David Griffith, the incoming vice president and Emily and Richard Smucker Chair for Education, also spoke during the Porch Discussion. Griffith will work in tandem with Babcock for the month of September. Previously the director of creative writing at Interlochen Center for the Arts, he’s spent the past few weeks observing, learning and providing feedback about how the Department of Education and Youth Services functions at the Institution.
“In my capacity here, what I’m going to be doing is overseeing all the educational programs and really asking lots of questions in my first year,” Griffith said. “What is it that there’s the will to do? What is that we are concerned about? What is it that we do really well?”
In particular, Griffith said, he will focus on the “experience of Special Studies and all kinds of other classes that take place on the grounds.”

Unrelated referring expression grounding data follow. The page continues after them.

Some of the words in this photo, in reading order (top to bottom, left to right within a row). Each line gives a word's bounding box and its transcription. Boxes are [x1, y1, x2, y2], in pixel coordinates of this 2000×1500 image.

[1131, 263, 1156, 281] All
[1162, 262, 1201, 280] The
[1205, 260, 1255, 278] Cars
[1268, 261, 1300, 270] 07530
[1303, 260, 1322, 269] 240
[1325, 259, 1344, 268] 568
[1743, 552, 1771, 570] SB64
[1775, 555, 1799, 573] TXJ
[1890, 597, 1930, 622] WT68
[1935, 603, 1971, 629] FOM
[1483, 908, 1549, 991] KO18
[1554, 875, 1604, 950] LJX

“That’s a really exciting but a little bit daunting opportunity for me,” Griffith said of the volume of courses that are offered and the wide age range of students.
“There are some multigenerational opportunities within those classes,” he added.
Griffith also said that Hill wants him to create more opportunities for young Chautauquans, including those who’ve aged out of Boys’ and Girls’ Club, through college students.
“I’m a really firm believer in passion. If you don’t bring passion to the educational process, chances are, you can take it or leave it. You’re neither hot nor cold,” Griffith said. “That’s what I see all around the ground — lots and lots of passion on the part of Chautauquans.”
Griffith said he’s also observed a great deal of compassion within the Chautauquan community.
“There’s so much division, there’s so much turmoil (in the world), there’s so many questions that we need answers to, we want answers to,” Griffith said, “but easy answers don’t come dropping in our laps, so we have to start with compassion.”
The conversation shifted back to Ewalt, who spent time detailing the need and potential impacts of “extending beyond the nine-week season,” both in the local community and across the country.
“What we learn here and discuss here, we carry with us — but what is Chautauqua doing to help that have some real lasting power?” Ewalt said. “Chautauqua is both what I consider this large classroom and this conversation because of your not only being here, but because of what you make it and the conversations you have on your front porches, in the plaza, the way in which you challenge leadership and anyone on these grounds to be thinking of the future of this place.”